Regorafenib Data Highlights
A promising development compound in the oncology portfolio pipeline is regorafenib (BAY 73-4506), a potent oral multi-kinase inhibitor with a kinase inhibition profile targeting angiogenic, stromal and oncogenic receptor tyrosine kinases (TK). The anti-angiogenic activity found with regorafenib is due to its distinct dual targeted VEGFR2-TIE2 TK inhibition. Regorafenib is currently being studied as a potential treatment option in multiple tumor types. Updated results from a Phase II trial of regorafenib in patients with RCC will be presented at ECCO-ESMO during an oral session. (Abstract 7105, Tuesday, September 22, 10:15 a.m. CET, Hall 15.1)
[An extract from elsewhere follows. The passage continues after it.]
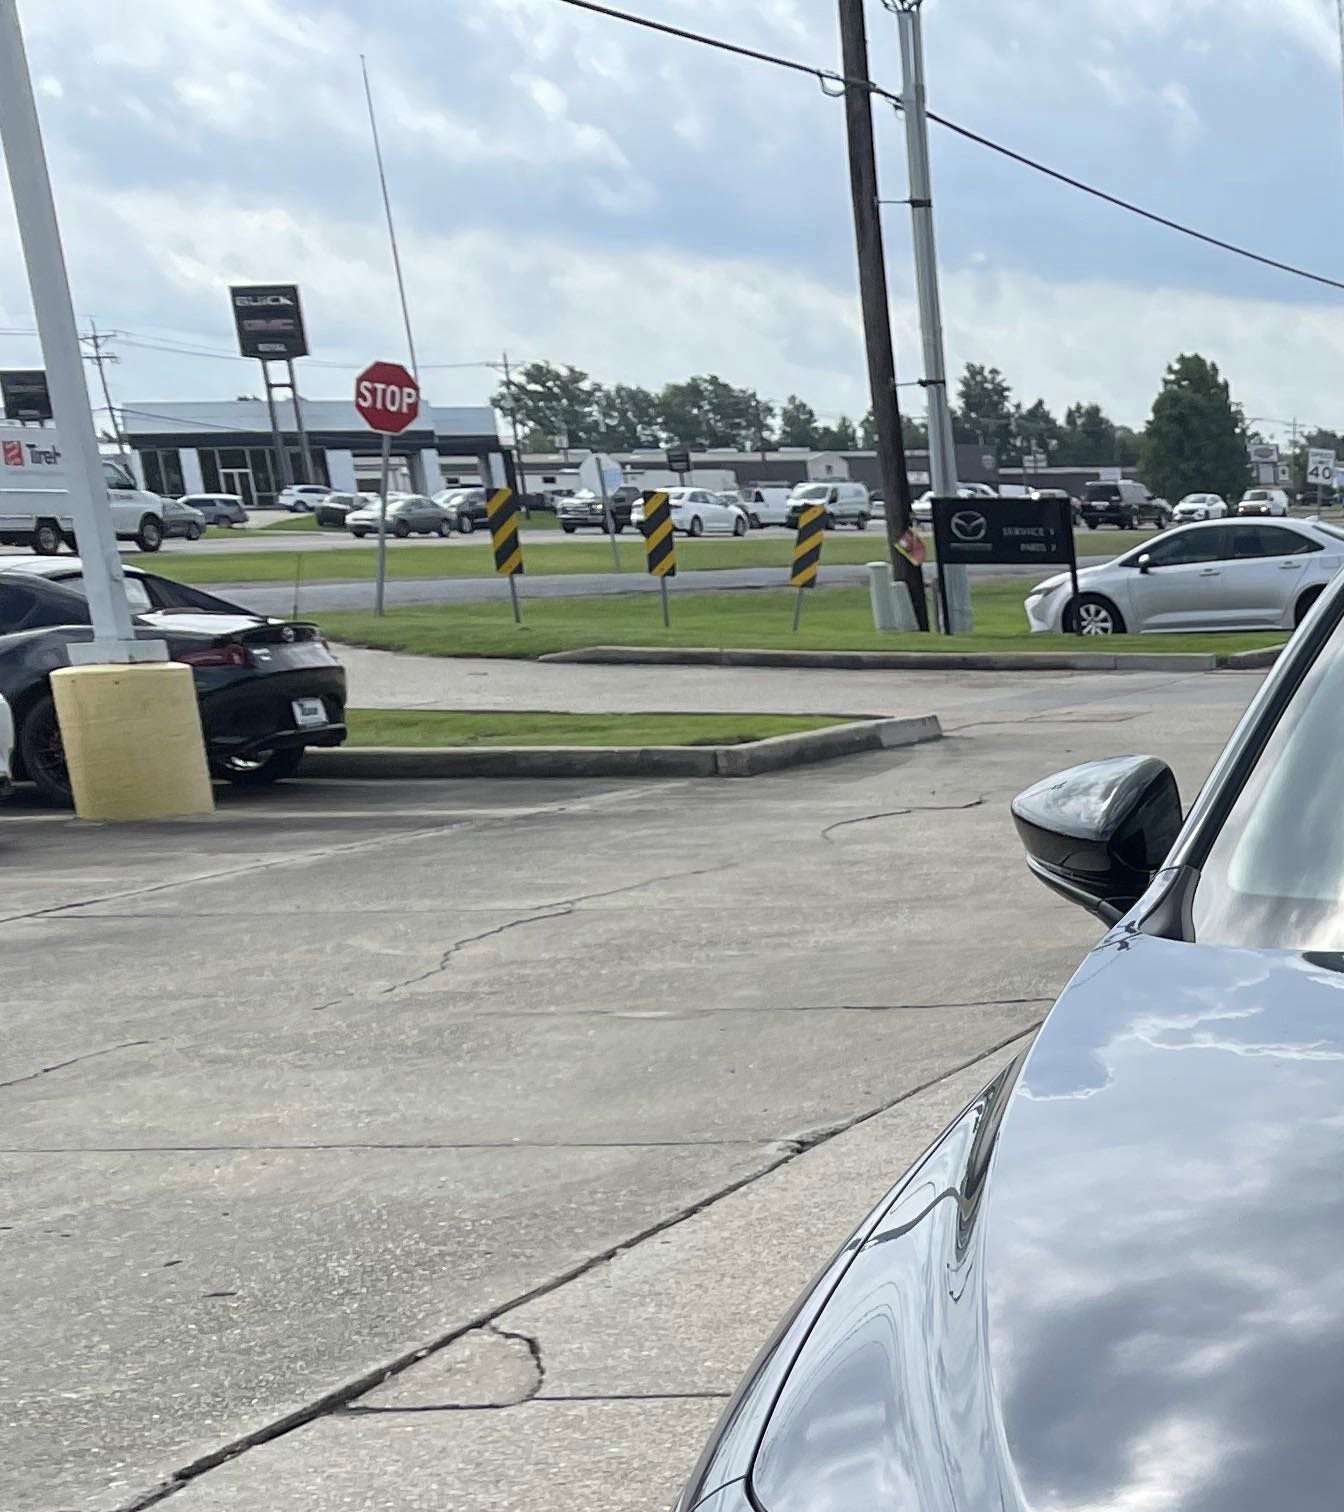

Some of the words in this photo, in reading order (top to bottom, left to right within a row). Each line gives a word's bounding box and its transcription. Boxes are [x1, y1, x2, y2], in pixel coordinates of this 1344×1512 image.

Alpharadin Data Highlights
Bayer Schering Pharma AG, Germany, recently entered into a global agreement with Algeta ASA, Oslo, Norway for the development and commercialization of Alpharadin, a novel alpha-emitting radiopharmaceutical, based on radium-223. Alpharadin is currently being evaluated in a global Phase III trial for the treatment of bone metastases in symptomatic hormone-refractory prostate cancer (HRPC) patients. Three Phase II trials evaluating the safety and efficacy of Alpharadin will be presented at ECCO-ESMO, including an oral presentation on the results from a 122-patient efficacy and safety study designed to compare the prostate cancer specific antigen (PSA) response rate of three different repeat doses of Alpharadin. (Abstract 7003, Monday, September 21, 11:45 a.m. CET, Hall 3)
Nexavar's Differentiated Mechanism
Nexavar targets both the tumor cell and tumor vasculature. In preclinical studies, Nexavar has been shown to target members of two classes of kinases known to be involved in both cell proliferation (growth) and angiogenesis (blood supply) - two important processes that enable cancer growth. These kinases included Raf kinase, VEGFR-1, VEGFR-2, VEGFR-3, PDGFR-B, KIT, FLT-3 and RET.
Nexavar is currently approved in more than 80 countries for the treatment of patients with liver cancer and in more than 90 countries for the treatment of patients with advanced kidney cancer. Nexavar is also being evaluated by the companies, international study groups, government agencies and individual investigators as a single agent or combination treatment in a wide range of cancers, including breast cancer, colorectal cancer, lung cancer, ovarian cancer, and as an adjuvant therapy for kidney cancer and liver cancer.